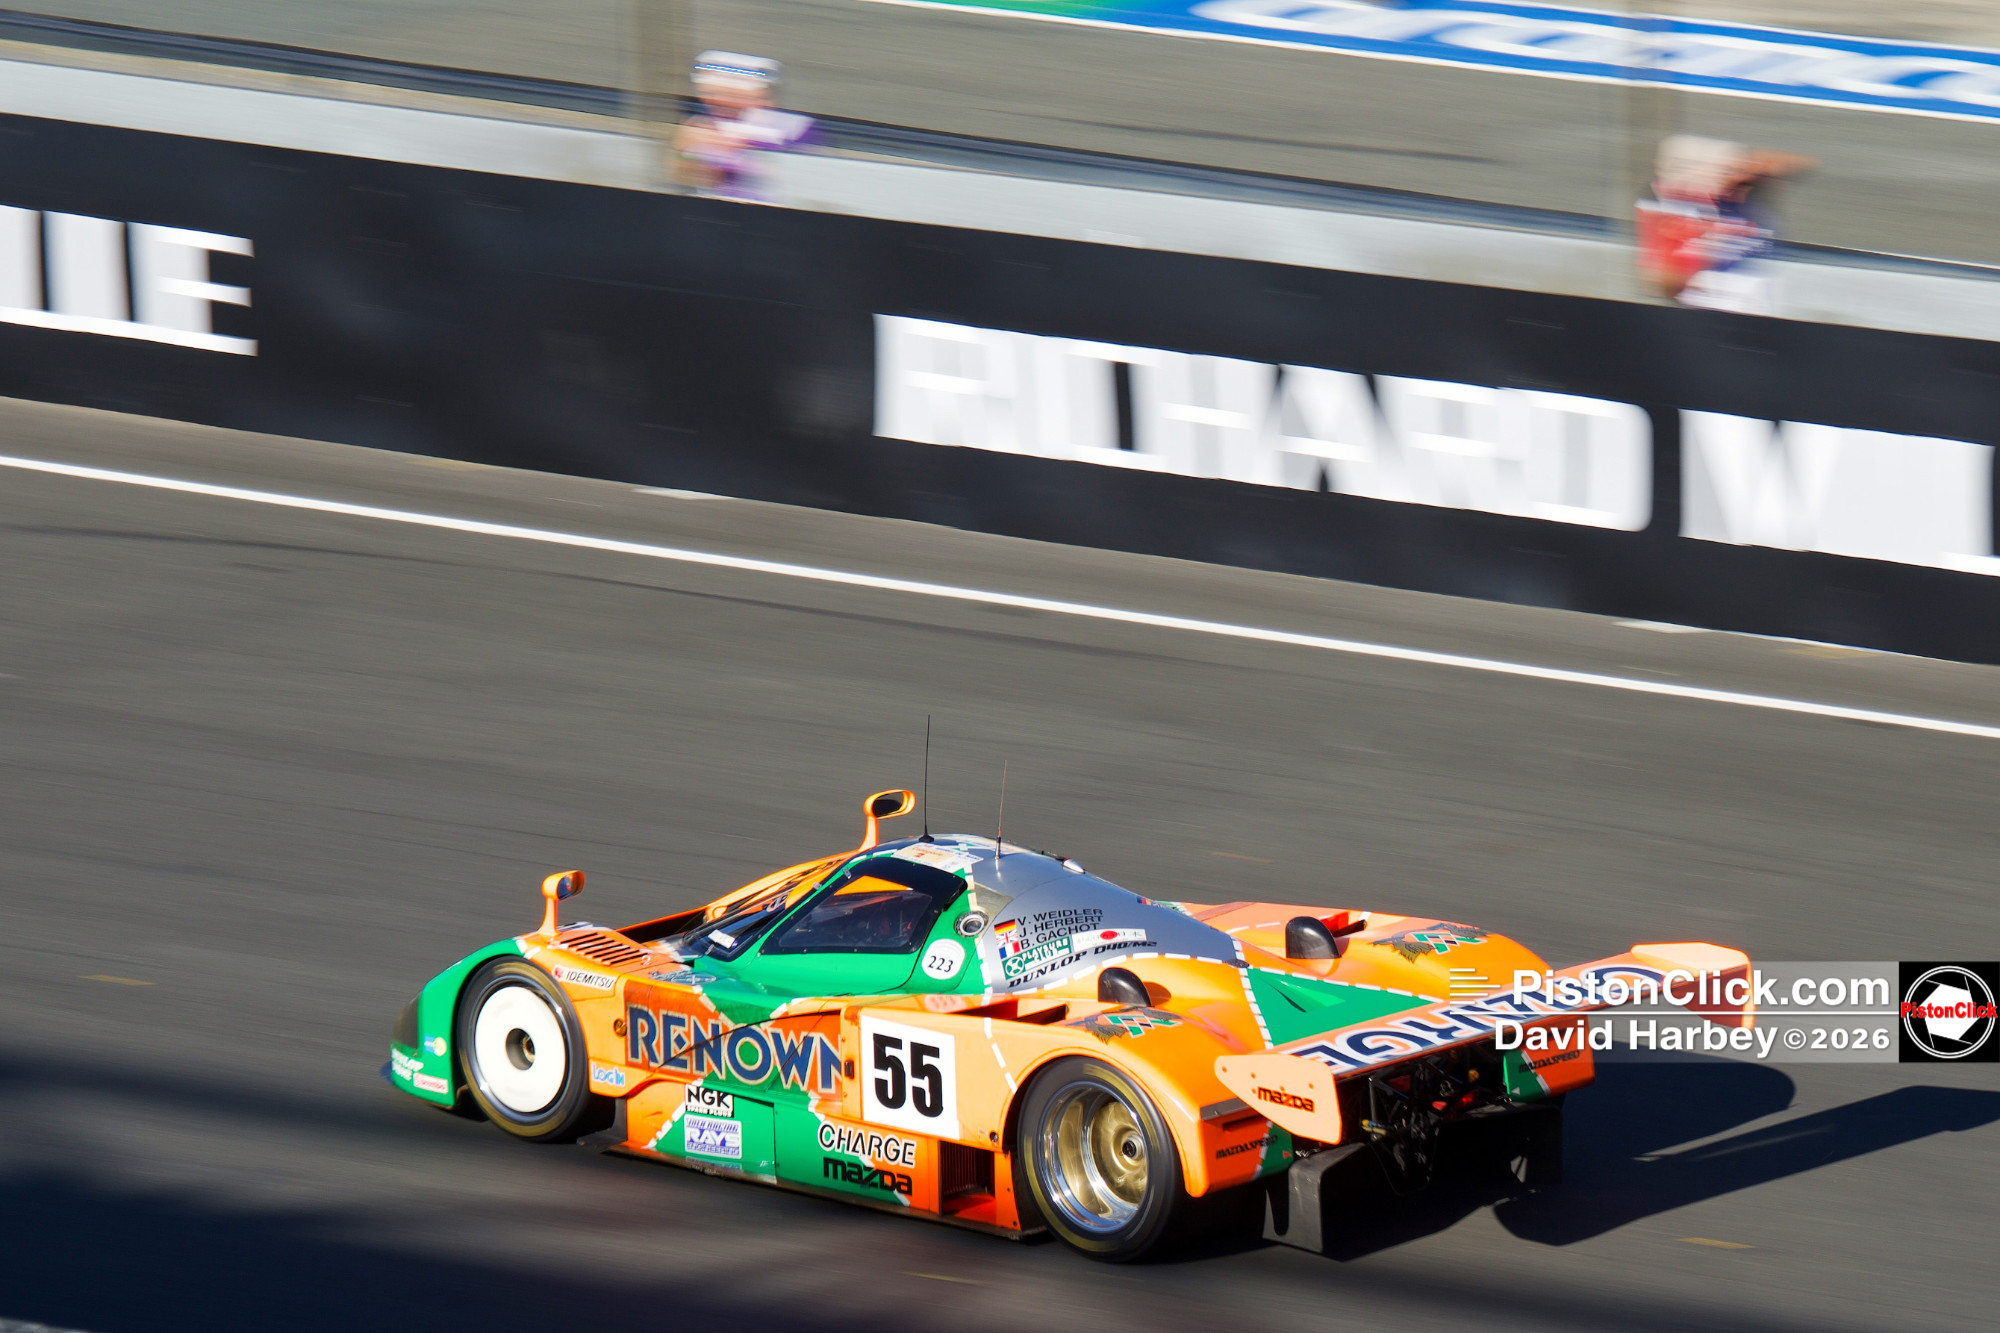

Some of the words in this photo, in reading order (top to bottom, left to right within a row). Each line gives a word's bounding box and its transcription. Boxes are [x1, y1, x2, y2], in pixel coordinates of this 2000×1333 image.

[873, 313, 1652, 532] RICHARD
[1033, 908, 1103, 922] WEIDLER
[1034, 915, 1103, 931] HERBERT
[1036, 922, 1100, 944] GACHOT
[928, 955, 954, 973] 223
[1008, 950, 1087, 988] DUNLOP
[566, 970, 614, 989] IDEMITSU
[626, 1003, 842, 1094] RENOWN
[873, 1032, 944, 1118] 55
[687, 1086, 730, 1109] NGK
[687, 1128, 740, 1148] RAYS
[819, 1124, 916, 1166] CHARGE
[823, 1157, 913, 1196] mazda

+ + + + +

# WHAT NEEDS TO BE DONE:
Every line of the listing above is to be repeated exactly, with its pictures left out.

# PROBLEM SOLUTION:
Some of the words in this photo, in reading order (top to bottom, left to right within a row). Each line gives a word's bounding box and its transcription. Boxes are [x1, y1, x2, y2], in pixel coordinates of this 2000×1333 image.

[873, 313, 1652, 532] RICHARD
[1033, 908, 1103, 922] WEIDLER
[1034, 915, 1103, 931] HERBERT
[1036, 922, 1100, 944] GACHOT
[928, 955, 954, 973] 223
[1008, 950, 1087, 988] DUNLOP
[566, 970, 614, 989] IDEMITSU
[626, 1003, 842, 1094] RENOWN
[873, 1032, 944, 1118] 55
[687, 1086, 730, 1109] NGK
[687, 1128, 740, 1148] RAYS
[819, 1124, 916, 1166] CHARGE
[823, 1157, 913, 1196] mazda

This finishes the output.